I don't know if this is coming across, but I'm quite angry about this. I have been for as long as I've been able to hold a complex thought and set of feelings in my young mind. I'm sorry I wasn't a right-on lefty liberal, born with a copy of The Guardian clutched in my hands, as I was ejected from my mother's womb. I'm sorry that you're too far up your Islington Blairite Hypocrite Champagne Swilling Holier-than-thou F**king A*se to see that the working classes care too... but they didn't have the benefit of your privileged education. But then you're so smart that you knew that? No?

Fatal Illness

Thankfully, Oxford is a think-tank, where burnt out Blairites decide to raise a family. It used to be an affordable commuter belt City with enough culture and academic interest to make the trip into Paddington on the train, worth jostling with other suits in the morning.

Oh yes, Oxford has its fair share of people who look down their noses at the great unwashed masses. Thankfully though, some of them couldn't avoid actually encountering some grubby street urchins, and having their perceptions shaken up.

There was a joke shop in the heart of Jericho, where you could buy water balloons, smoke bombs, whoopee cushions, firecrackers/bangers and other things that could shock a smug mummy's boy out of his self-obsessed preening, admiring themselves in their gowns in shop windows as they walked through the cobbled streets of Oxford's dreaming spires.

Up My Tree

My Parents never really reprimanded me for launching a "Swallows and Amazons" style attack on the punters, from the high boughs of trees and bridges in the University Parks. We were little monkeys, who tore around town on our BMXs and skateboards faster than any Park Ranger or officious old fuddy-duddy could chase after us. We used to ring doorbells, egg houses, put treacle on door knobs. We were working class kids thumbing our noses at the establishment and everybody loved it, except for the arrogant elite.

More Pension?

Luckily, all the 'warrior' men were all in London, hunting big game and beating their chests. We knew our mothers would tell us off and say "wait until your father gets home" but we also knew our fathers would be exhausted from full-on days of p1ssing contests in the Big Smoke, followed by horrendous rat-race train journeys from hell.

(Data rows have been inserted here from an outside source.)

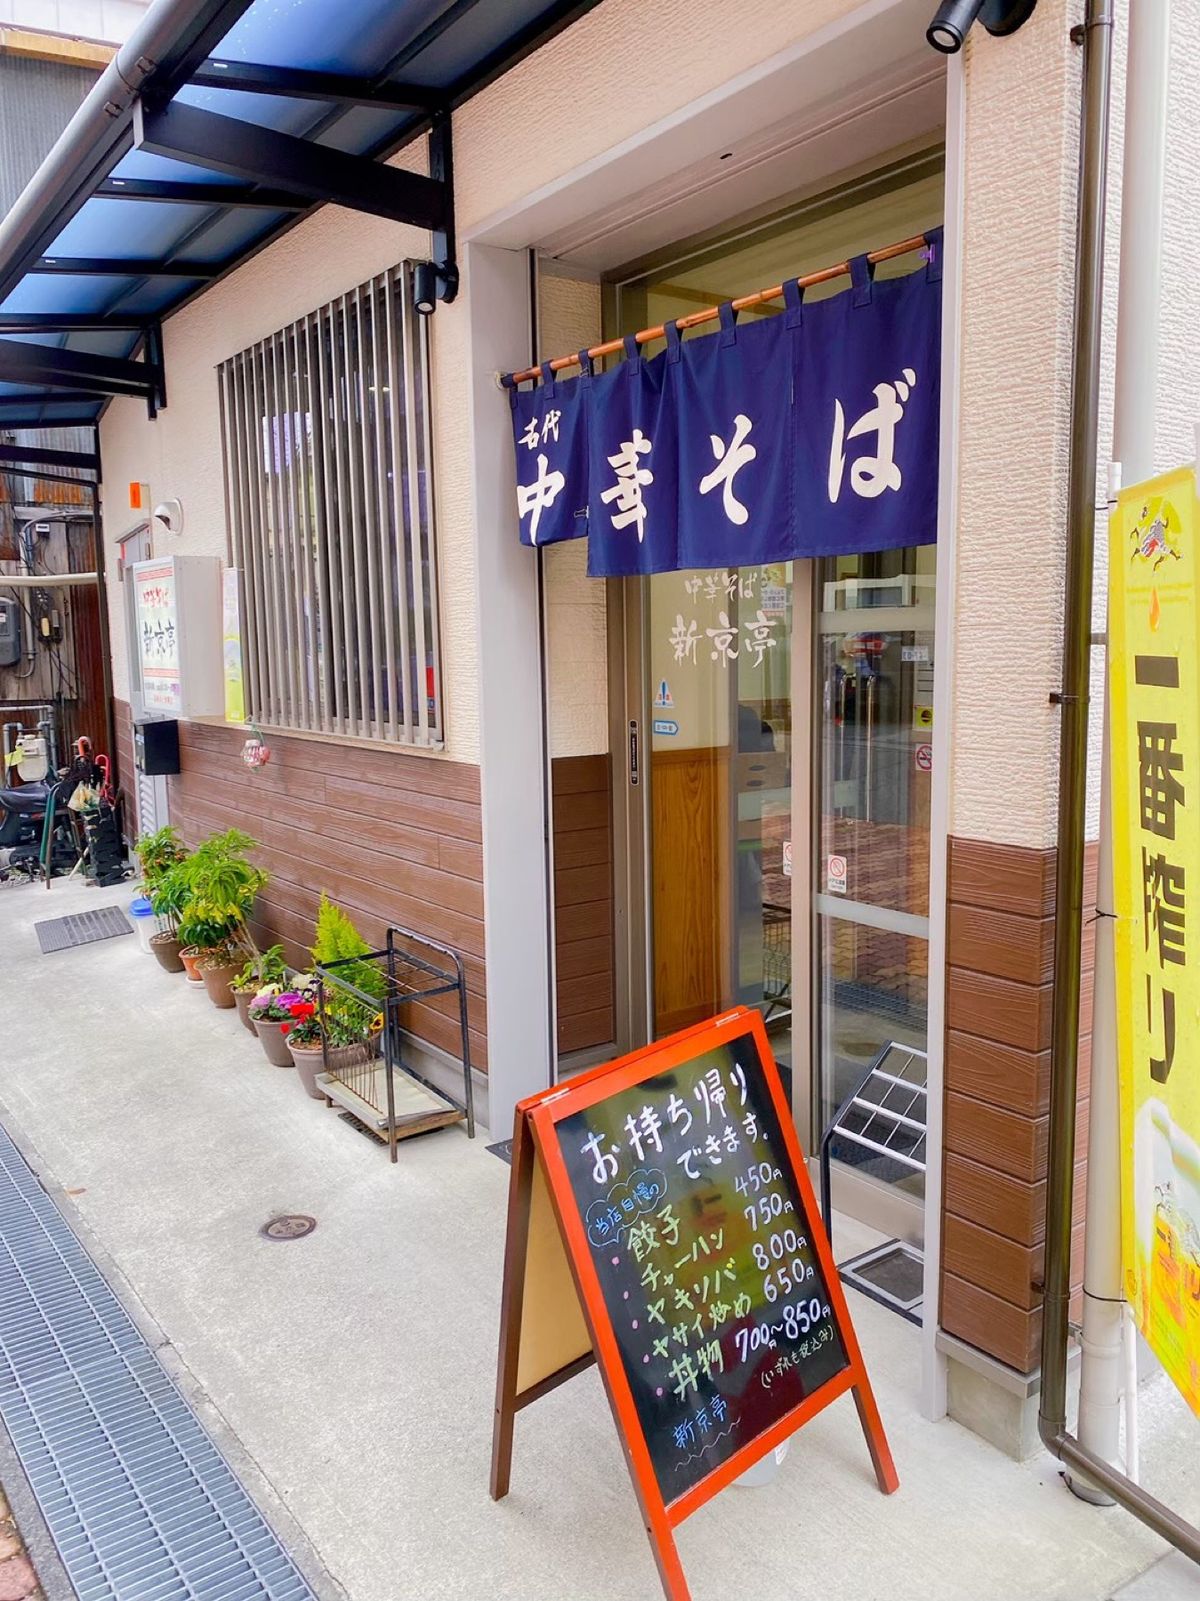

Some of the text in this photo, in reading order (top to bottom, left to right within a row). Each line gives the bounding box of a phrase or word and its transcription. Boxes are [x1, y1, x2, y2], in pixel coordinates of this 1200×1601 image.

[517, 368, 917, 546] 中華そば
[685, 572, 757, 604] 中華そば
[669, 610, 777, 668] 新京亭
[1134, 655, 1187, 1085] 一番搾り
[580, 1063, 748, 1184] お持ち帰り
[595, 1181, 660, 1236] 当店自慢の
[627, 1162, 782, 1262] 餃子 450円
[640, 1192, 794, 1291] チャーハン 750円
[647, 1229, 807, 1325] ヤキソバ 800円
[653, 1258, 814, 1358] ヤサイ炒め 650円
[669, 1339, 723, 1401] 丼物
[673, 1394, 727, 1448] 新京亭

This kind of matriarchal society took the sting out of any beatings that the kids got, and us kids bonded a lot more with our mothers than would be ordinary at that time. Did it lead to a load of mummies boys? Actually, it might have led to a group of people who feel so loved and cared for that they feel invincible. Is this a bad thing? Well some of my friends have died young, making unwise decisions when fuelled by alcohol.

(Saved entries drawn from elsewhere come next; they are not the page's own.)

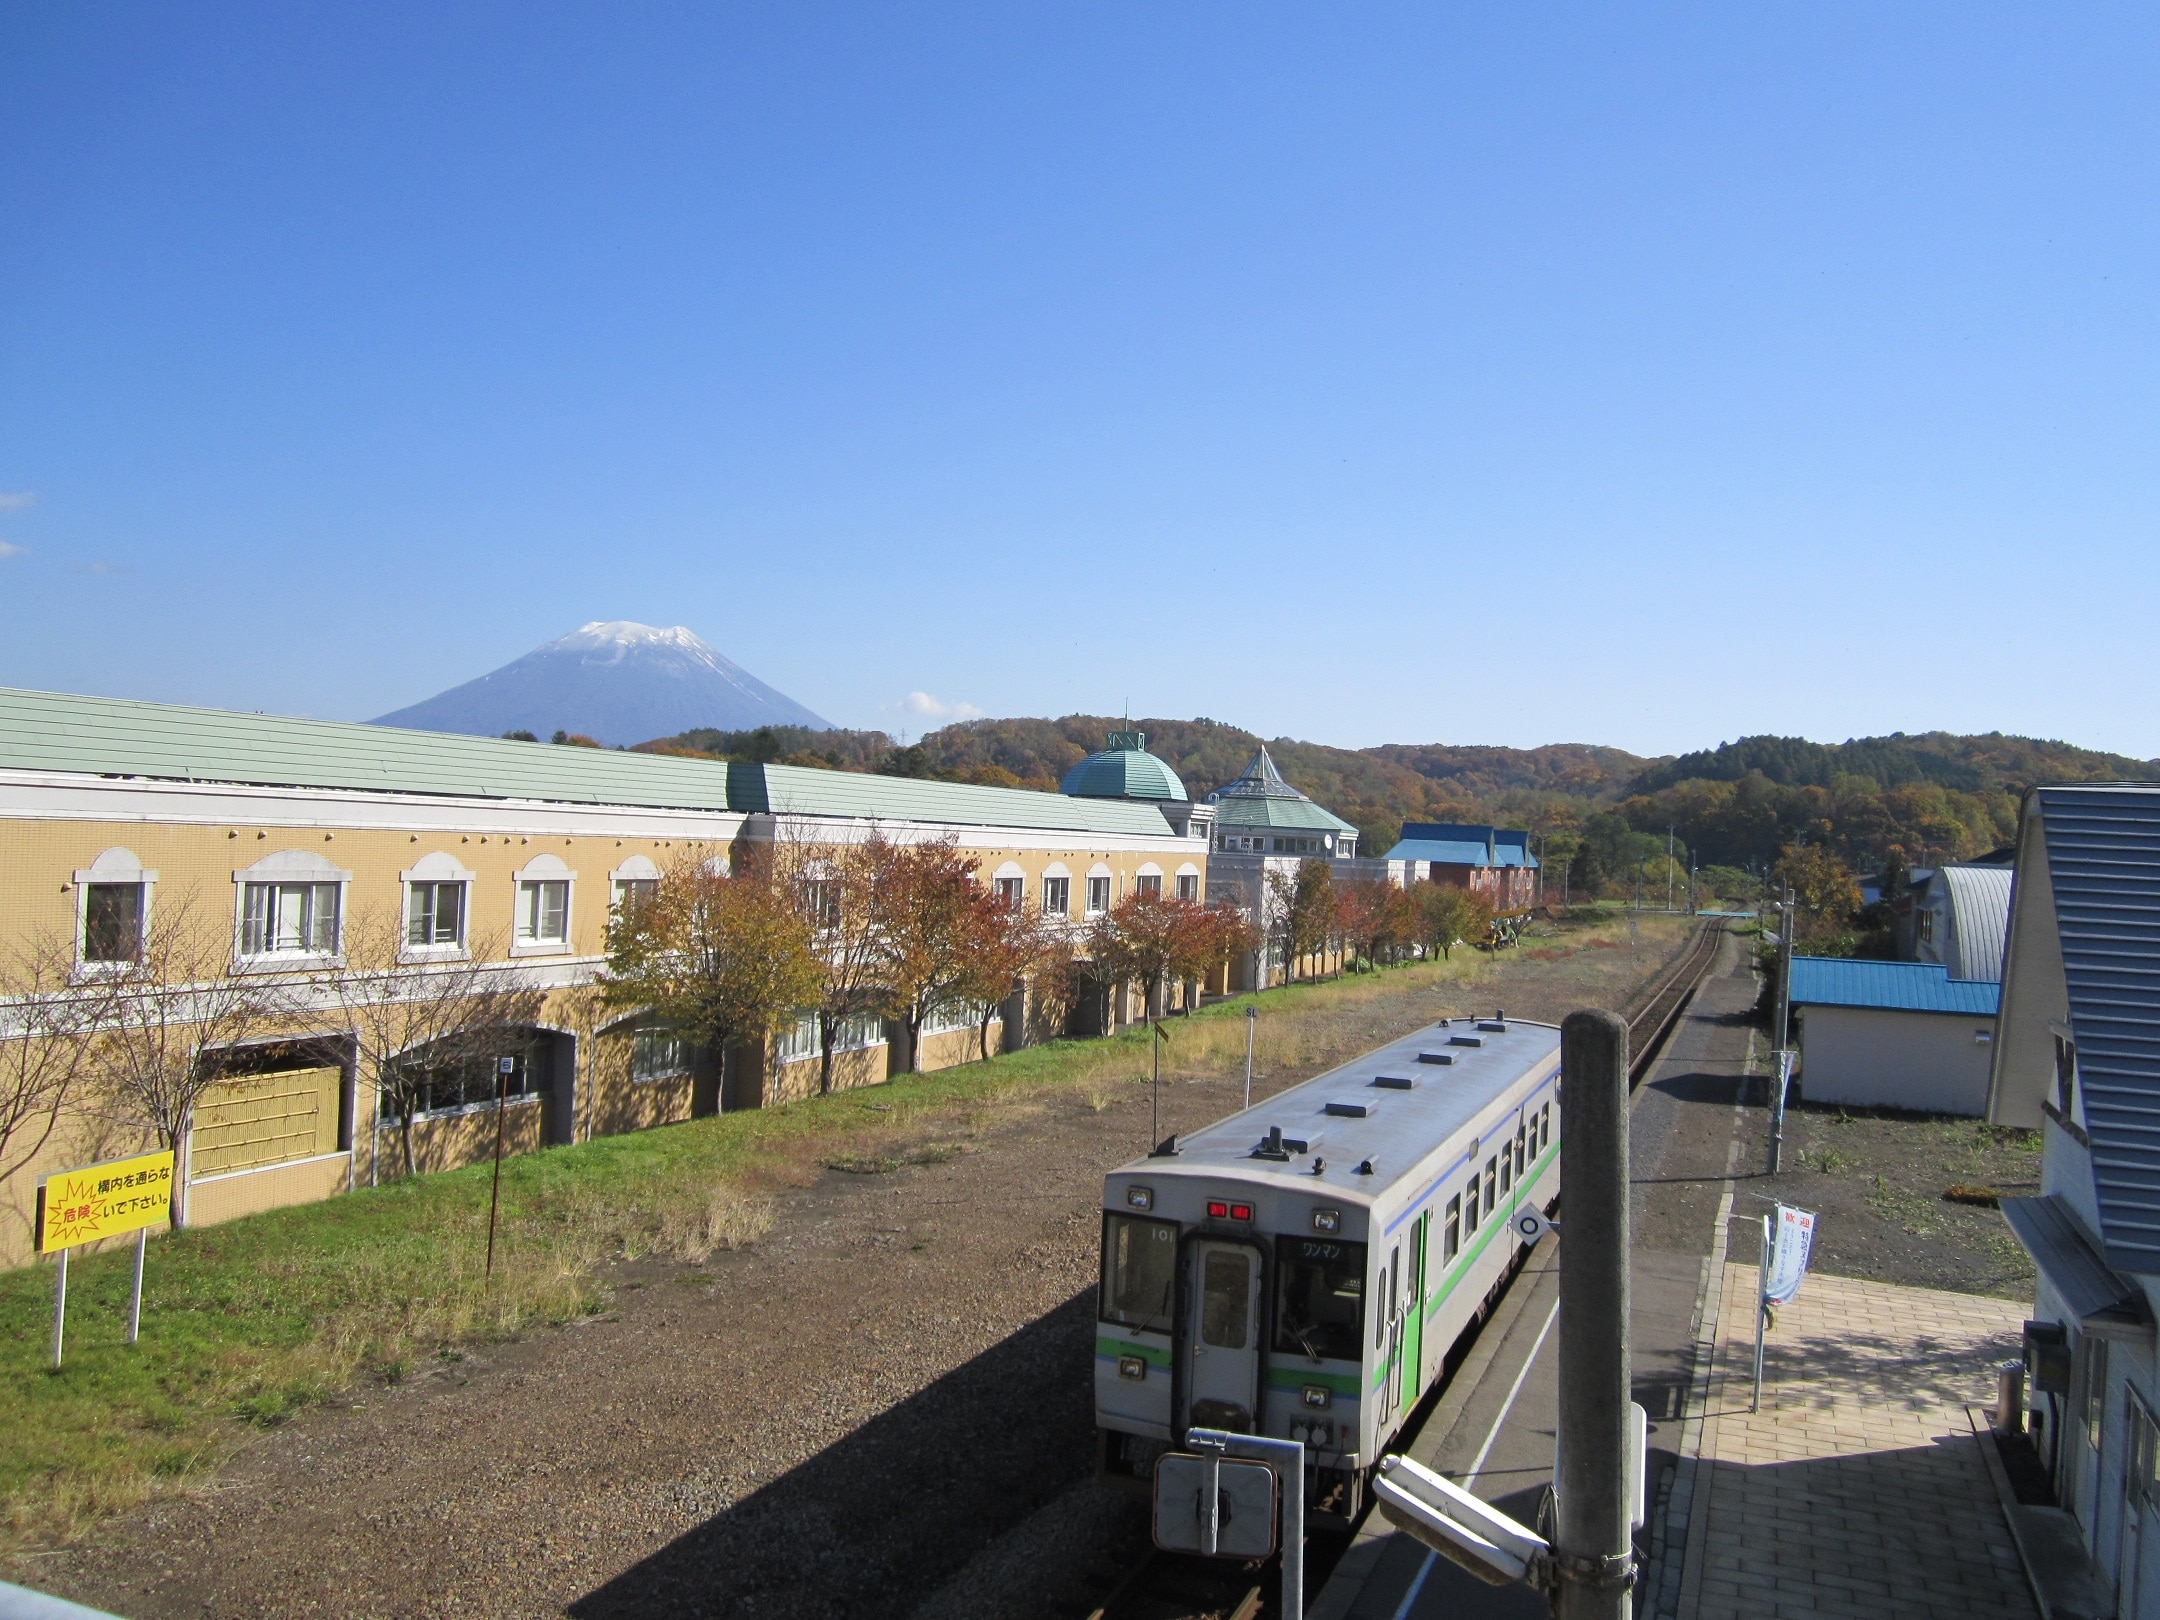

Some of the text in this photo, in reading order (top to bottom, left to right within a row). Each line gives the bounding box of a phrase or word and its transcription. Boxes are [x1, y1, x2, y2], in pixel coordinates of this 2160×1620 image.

[1246, 1007, 1256, 1018] SL
[97, 1166, 170, 1195] 構内を通らな
[63, 1204, 91, 1224] 危険
[103, 1193, 168, 1218] いで下さい。
[1152, 1227, 1174, 1243] 101
[1303, 1242, 1340, 1259] ワンマン

There was one friend who shone bright in all our lives, and the circumstances in which we lost him were close to my own childhood experiences, of playing on railway tracks unsupervised by adults. I could totally picture exactly how it happened. It was chilling, and still is today. I am not imagining myself doing that, I am actually able to perfectly empathise with the mindset that would have led to a tiny mistake, which cost my friend his life.

I hope that his Mother and family is OK, if they read this. I'm trying to write it as sensitively as I can. Our friend is still very much alive in our hearts, and I'm crying as I write this. Tears are rolling down my cheeks and splotching onto my keyboard. I can remember how he touched our lives, as clearly as if it were only yesterday.

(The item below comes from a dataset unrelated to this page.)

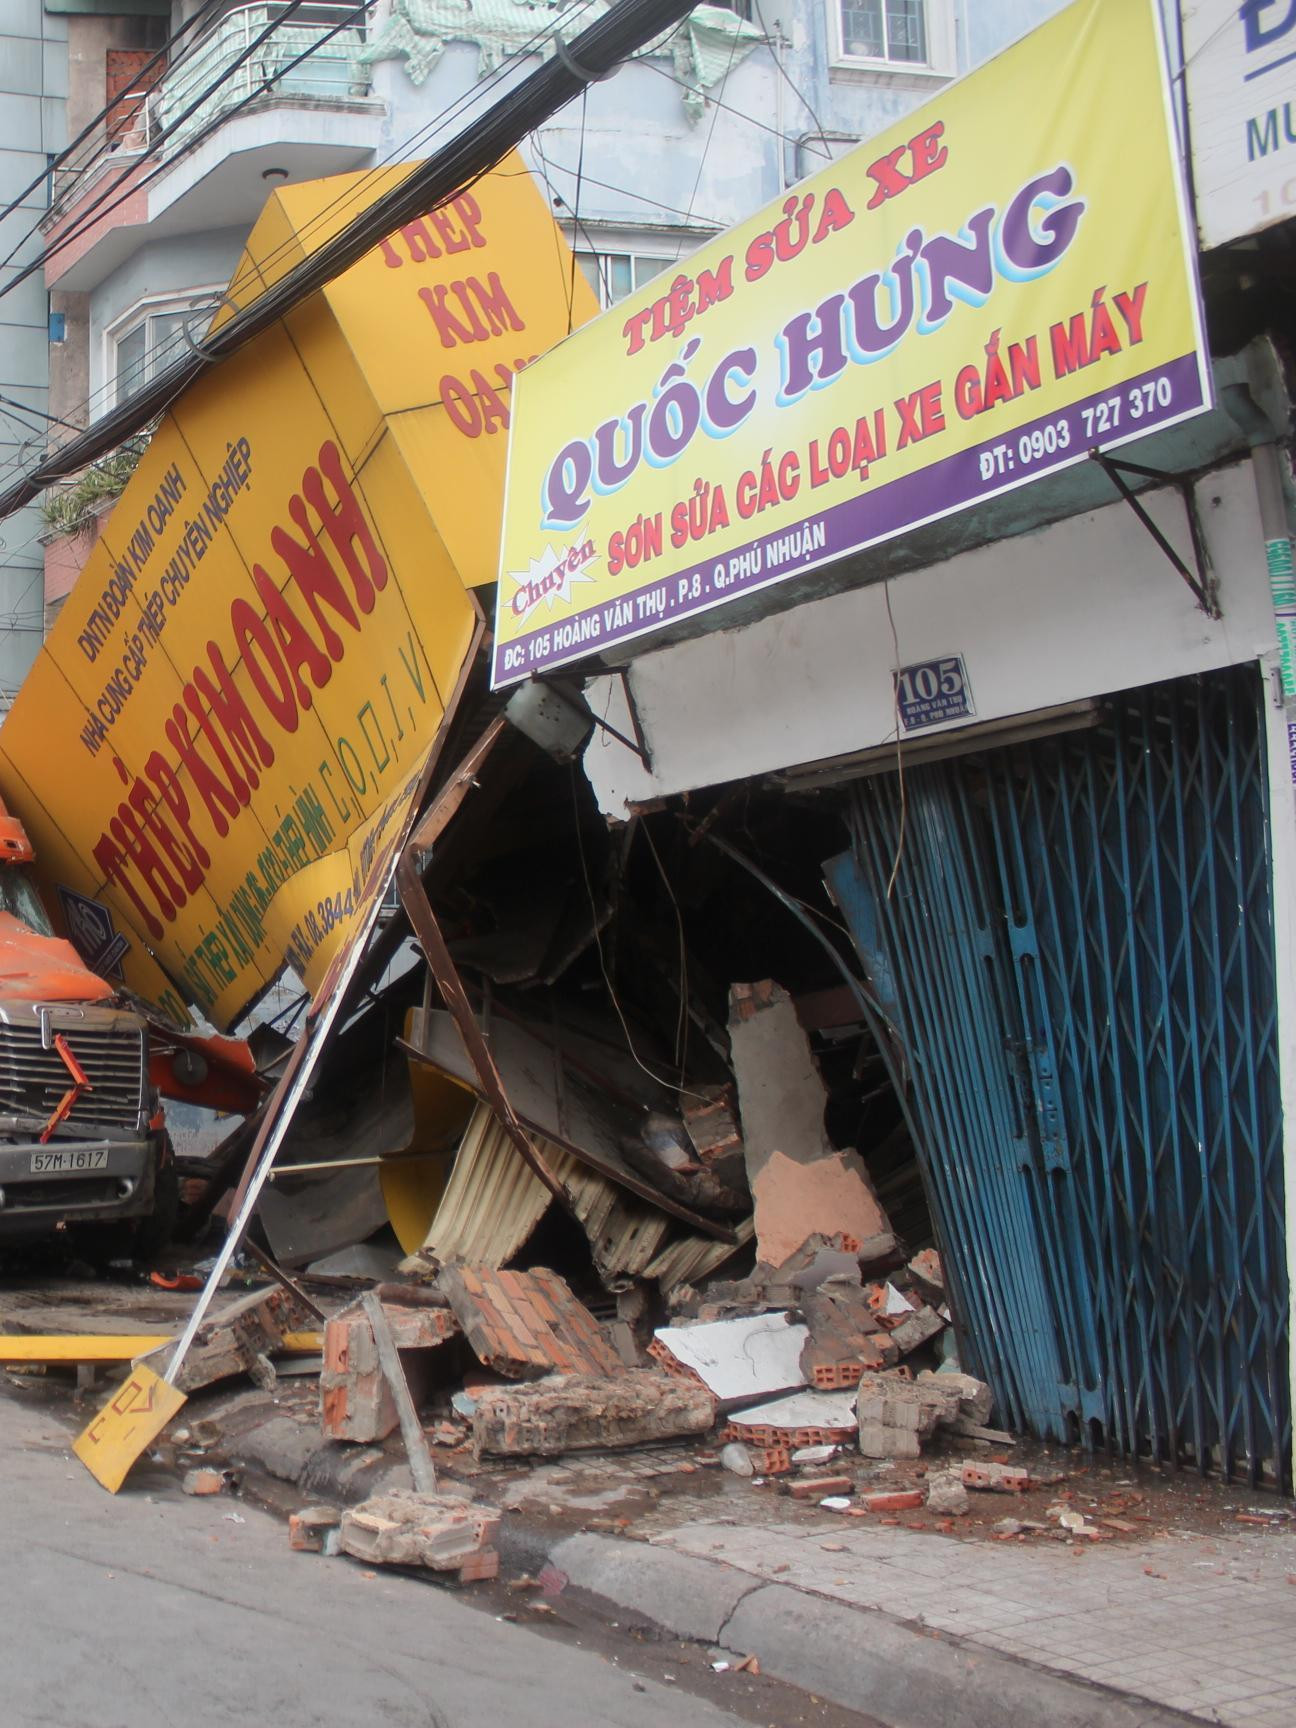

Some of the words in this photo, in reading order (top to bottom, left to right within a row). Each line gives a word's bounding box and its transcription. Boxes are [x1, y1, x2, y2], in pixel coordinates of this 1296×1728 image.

The cruellest twist of all, was that we had reconnected just as we were leaving adolescence; and embarking on our journey into adulthood. It robbed us all of the chance to see just how great that young man was going to become. Life can cheat and short-change us still, even at the end of the second millennium.

The challenge that life set our group of friends, was how to cope, in the modern age that had scattered us to the winds. We couldn't really grieve properly as a group. Even though, by total coincidence, this young man had ended up in the same City in Hampshire as me. Most of our other friends had remained in Oxford, where we grew up in.

I used the Internet to try and reconnect with these friends, but it was still very early days, and I felt very damaged and bitter about having been taken away from this group of beloved people. My parents were always moving me away from my friends and schools I loved. I didn't undertand why this had to happen. It was heartbreaking.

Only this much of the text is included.